香港金融管理局、デジタル資産の「実取引」時代が開幕 – プロジェクト・アンザンブル、テスト段階から実取引段階へ移行
香港金融管理局(HKMA)は11月13日、2024年8月に開始したデジタル金融プロジェクト 「プロジェクト・アンザンブル(Project Ensemble)」 が、これまでのテスト環境(サンドボックス)を終了し、実際の取引が可能なパイロット版「アンザンブル TX(Ensemble TX)」 を正式に導入したと発表しました。
今回の移行は、トークン化預金(Tokenised deposits)やデジタル資産を用いた実取引が可能となった という点で、大きな節目となります。

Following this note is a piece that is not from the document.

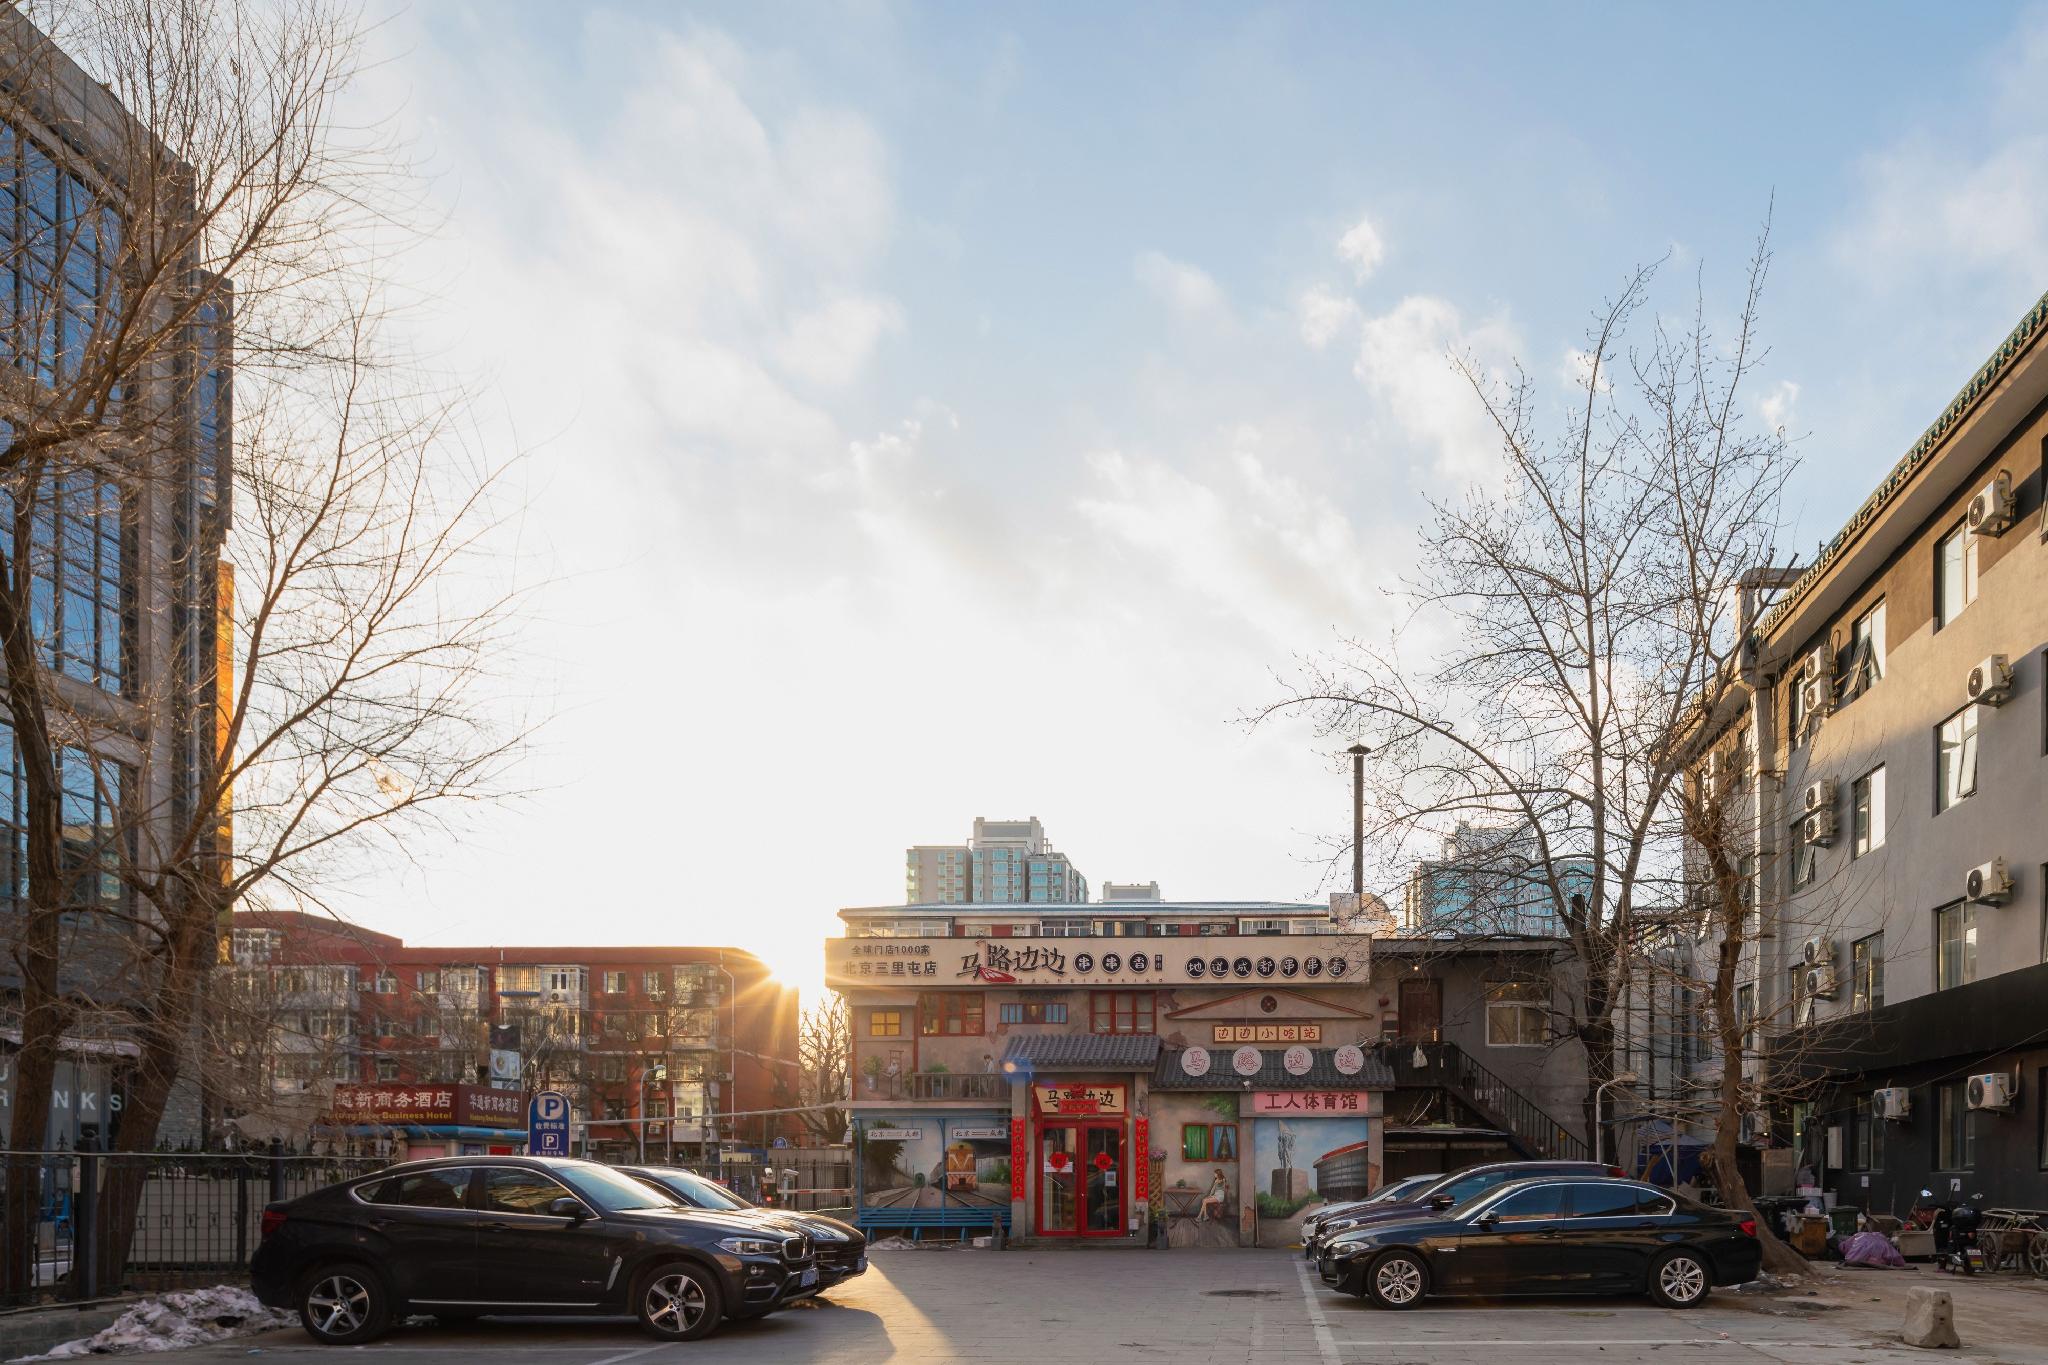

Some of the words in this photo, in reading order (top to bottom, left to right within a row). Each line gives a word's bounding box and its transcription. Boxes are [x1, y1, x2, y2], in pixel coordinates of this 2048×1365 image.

今回の導入により、中国銀行(香港)、中国建設銀行(アジア)、富邦銀行(香港)、富融銀行(Fubon)、スタンダードチャータード銀行(Standard Chartered)、東亜銀行(BEA)、香港上海銀行(HSBC) など、参加金融機関は提供された試験環境の中で、
- トークン化預金(デジタル預金)
- 各種デジタル資産
を活用した実際の取引を行えるようになりました。
アンザンブルTXで何が変わるのか?
本プロジェクトは、香港のデジタル金融戦略 「Fintech 2030」 の中核となる取り組みであり、以下のような変化が期待されています。
- 金融取引スピードの大幅向上
- 取引処理プロセスの効率化
- 資金フローの透明性向上
- リアルタイムの流動性・資金管理が可能に
決済インフラも進化
初期段階では、参加銀行が発行するトークン化預金の銀行間決済は、香港ドル RTGS(リアルタイム総額決済システム) を通じて行われます。
さらに今後は、ブロックチェーンを活用した トークン化中央銀行デジタルマネー(CeBM) に拡張し、
24時間いつでも決済できるシステムの構築 を目指しています。
香港、「デジタル金融の未来を切り開く都市」に
HKMAの 余偉文(エディ・ユ)総裁 は次のように述べています。
「アンザンブル TX は、概念実証から実取引段階へと移る決定的な瞬間です。
サンドボックスで検証した技術を、いよいよ実際の金融市場で活用し、実質的なメリットを提供できるようになります。」
「香港は、地域・世界のデジタル金融の未来をリードする都市です。」
またHKMAは、新たな実取引ユースケース を持つ金融機関や企業の参加を歓迎し、共に香港のトークナイゼーション・エコシステムを拡大していきたいとしています。